Another fantastic seminar with master teacher Stephen K. Hayes has come to an end, and this one is even harder to put into words. Meditations, martial arts, and mind science all blended together for an eye-opening weekend. A few takeaways that I can put into words come to mind…
Second Life. Was there Second Life at the seminar? No. Second Life is a technology that came along about 600 years after the period we were studying, but Second Life provides something to many people that has not been previously available – the ability to visualize and see visualized other people’s internal mind images on a grand scale. During the guided meditation, we were asked to construct some mental images in our heads about the topics at hand, and I found myself creating imagery with greater ease than ever before, and much of it looked like stuff you’d see in world. Second Life has given me more mental flexibility to do that kind of internal vision work than I thought possible, and that was really eye opening.
Super powers. So many of the “deities” in Buddhism have ascribed attributes. This one on the mandala is the power of healing, this one over here is the power of compassion. In the Buddhist tradition, these things are archetypes – ideals, essences, distillations of the quality, as opposed to being an external entity. You wouldn’t ever go to a church to worship, say, Yoda or Superman, but you might in a time of crisis envision yourself having Yoda’s wisdom or Superman’s strength. The same is true of the Buddhist superheroes painted on these iconic images. One of the takeaways from the weekend for me was not just learning about a particular superhero power or quality, but making use of it, bringing it out of your head and into the world so you can generate results with it.

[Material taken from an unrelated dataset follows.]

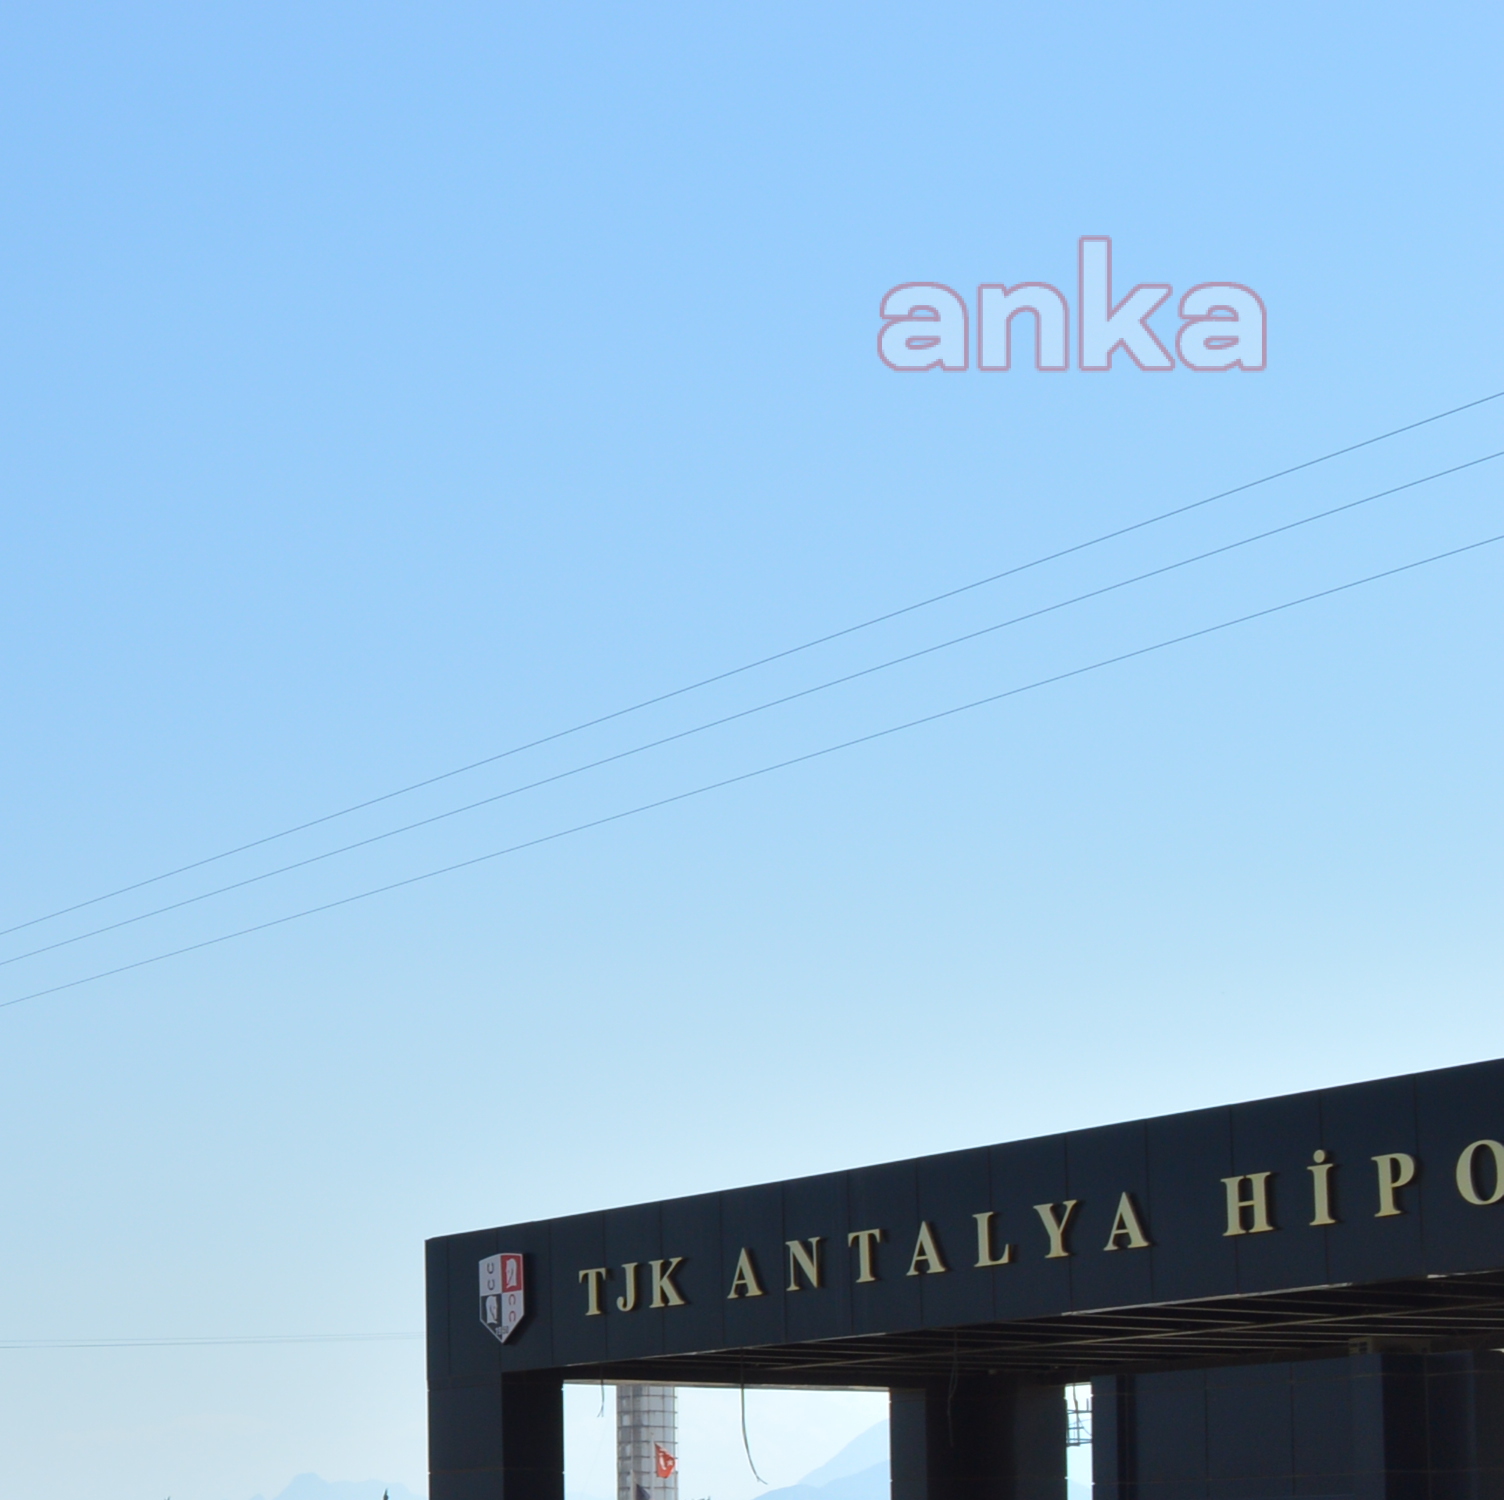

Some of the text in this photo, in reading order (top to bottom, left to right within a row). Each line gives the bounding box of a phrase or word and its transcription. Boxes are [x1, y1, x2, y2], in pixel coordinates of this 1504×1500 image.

Think about it this way – how selfish would it be, if you had X-Ray vision or could fly or bullets couldn’t harm you, to simply live a quiet life and not make use of those powers for good? We talked a lot this weekend about the state of the world, about how fast the world is changing, and not necessarily for the better. We in new media have super powers. We can talk to thousands, millions of people with the push of a button. We can gain “telephathic” insights into our friends’ inner thoughts with an RSS reader, know where they are via Twitter and other location-aware devices. We can see life through their eyes via Flickr, YouTube, Blip.tv, and more. In olden times, the ability to see from afar was called remote viewing, or clairvoyance. Now it’s called UStream.tv. The ability to foresee the future like a Jedi or Sith seemed magical 30 years ago when George Lucas put Star Wars on the big screen. Today, you only need aggregate multiple data sources, and patterns emerge that might as well be a map.

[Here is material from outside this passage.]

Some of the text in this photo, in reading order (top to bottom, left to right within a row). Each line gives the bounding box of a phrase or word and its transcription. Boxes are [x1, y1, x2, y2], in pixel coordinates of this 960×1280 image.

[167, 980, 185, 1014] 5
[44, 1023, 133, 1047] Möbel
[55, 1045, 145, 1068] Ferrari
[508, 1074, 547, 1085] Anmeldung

YOU are the superhero, or have the potential to be and the tools to do it with, right now. You don’t have to become a black belt in a martial art, or spend decades meditating in a cave somewhere. Just turn on your computer, connect to the Internet, and you have tapped into your power source. You have activated your superpowers. You can save lives with your powers, you can make the world a better place, or you can advance its destruction. Choose wisely.
Human technology. The Internet is the great leveler. It’s the great equalizer, if we let it be. The power of the Internet has made some careers and lives and broken others. Most importantly, it allows us to connect to each other, to organize, to share, to grow, and to be greater than the individual. The power of our network is spectacular when you step back, when you stop letting life’s mundane chores and daily grind blind you to your powers. The same technologies are available to everyone who connects (for the most part). Jewish? RSS works for you. Muslim? RSS works for you, too. American? A blog post by an American has the same technological foundation, broadly speaking, as a blog post by a Russian, Australian, or Kenyan. The Internet isn’t a group’s technology, it’s human technology. It’s all of ours.

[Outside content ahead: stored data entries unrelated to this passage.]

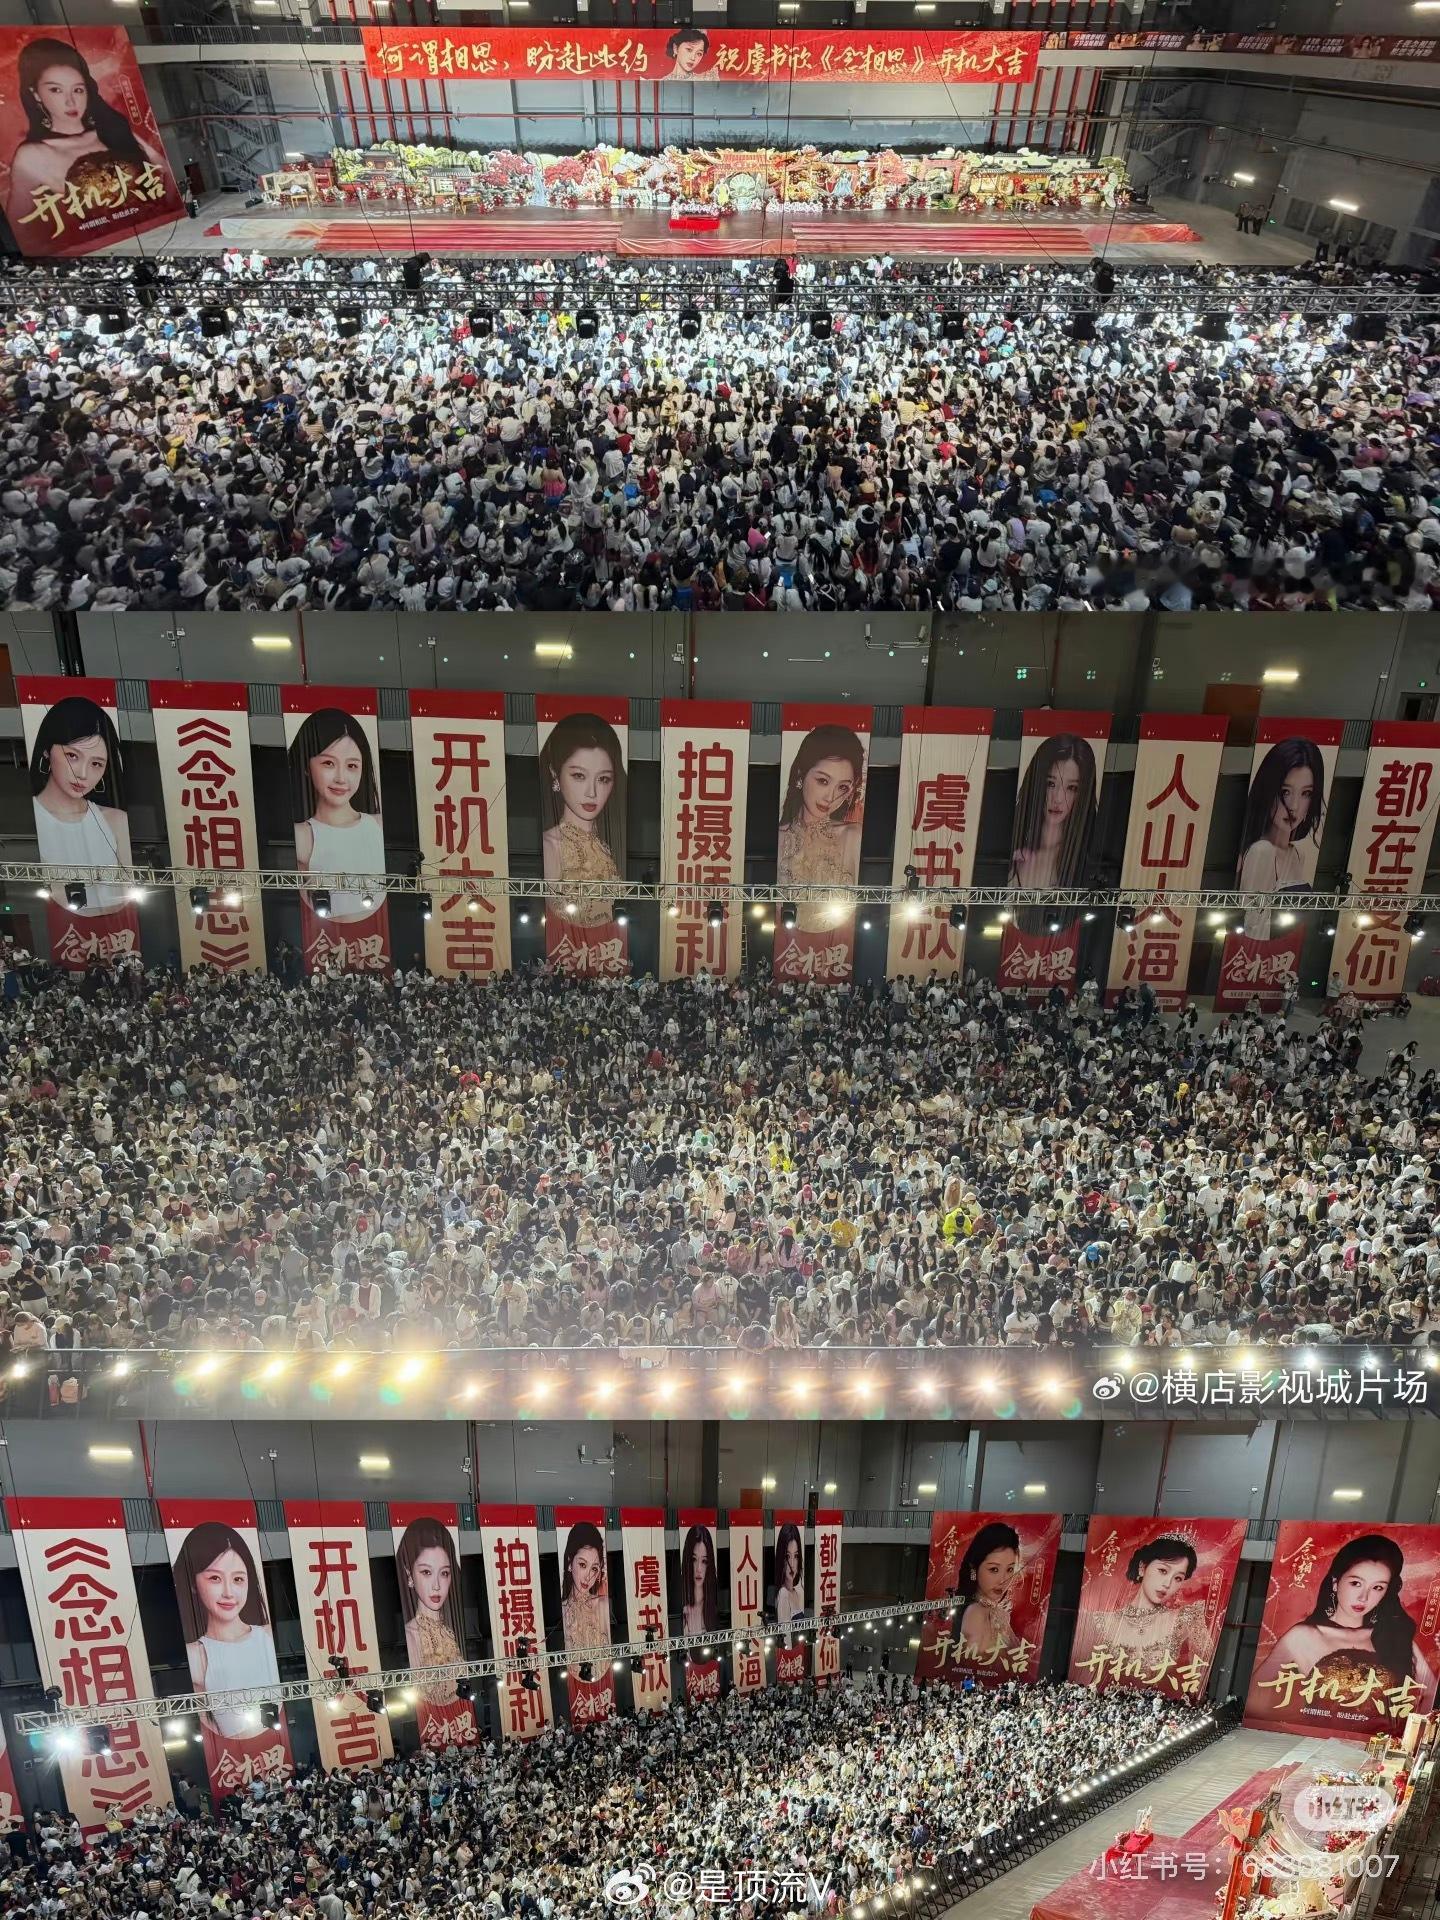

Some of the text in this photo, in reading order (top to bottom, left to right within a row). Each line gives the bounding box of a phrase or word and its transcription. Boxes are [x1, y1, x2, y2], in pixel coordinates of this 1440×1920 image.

[18, 161, 166, 239] 开机大吉
[431, 732, 496, 971] 开机大吉
[675, 740, 734, 976] 拍摄顺利
[901, 773, 970, 961] 虞书欣
[1122, 753, 1200, 982] 人山人海
[1345, 759, 1433, 986] 都在爱你
[53, 923, 142, 965] 念相思
[305, 928, 390, 970] 念相思
[547, 933, 628, 973] 念相思
[775, 938, 853, 978] 念相思
[1000, 942, 1077, 981] 念相思
[1222, 945, 1299, 985] 念相思
[1091, 1530, 1121, 1577] 念相思
[1279, 1537, 1317, 1589] 念相思
[494, 1537, 545, 1733] 拍摄顺利
[634, 1555, 669, 1693] 虞书欣
[309, 1541, 378, 1766] 开机大吉
[923, 1630, 1036, 1673] 开机大吉
[1075, 1644, 1209, 1693] 开机大吉
[571, 1688, 616, 1719] 念相思
[1257, 1663, 1427, 1718] 开机大吉
[420, 1709, 478, 1747] 念相思
[210, 1744, 294, 1788] 念相思

One thing that has always stood out to me was an experience I had in 1993, at a Billy Joel concert. The energy of that concert was unbelievable, at Nassau Colliseum, not far from where Joel grew up. At the end of the night, he sang his signature piece, Piano Man, for a crowd of 30,000, and nearly everyone in the audience sang along. 30,000 people unified their thoughts, words, and actions together to sing this one song and the energy and power of that moment was awe-inspiring. I thought to myself afterwards, imagine the potential that humanity has if we could unify like that for longer, on a bigger scale. What would we be capable of?
The same thought repeats in my head now. What could we do together – what heights could we achieve, if we stop thinking of ourselves as small little individuals in a hostile world, and take charge of our experiences of life? What could we BE if we are all together working for good, fully awakened to our powers, fully able to tap into them?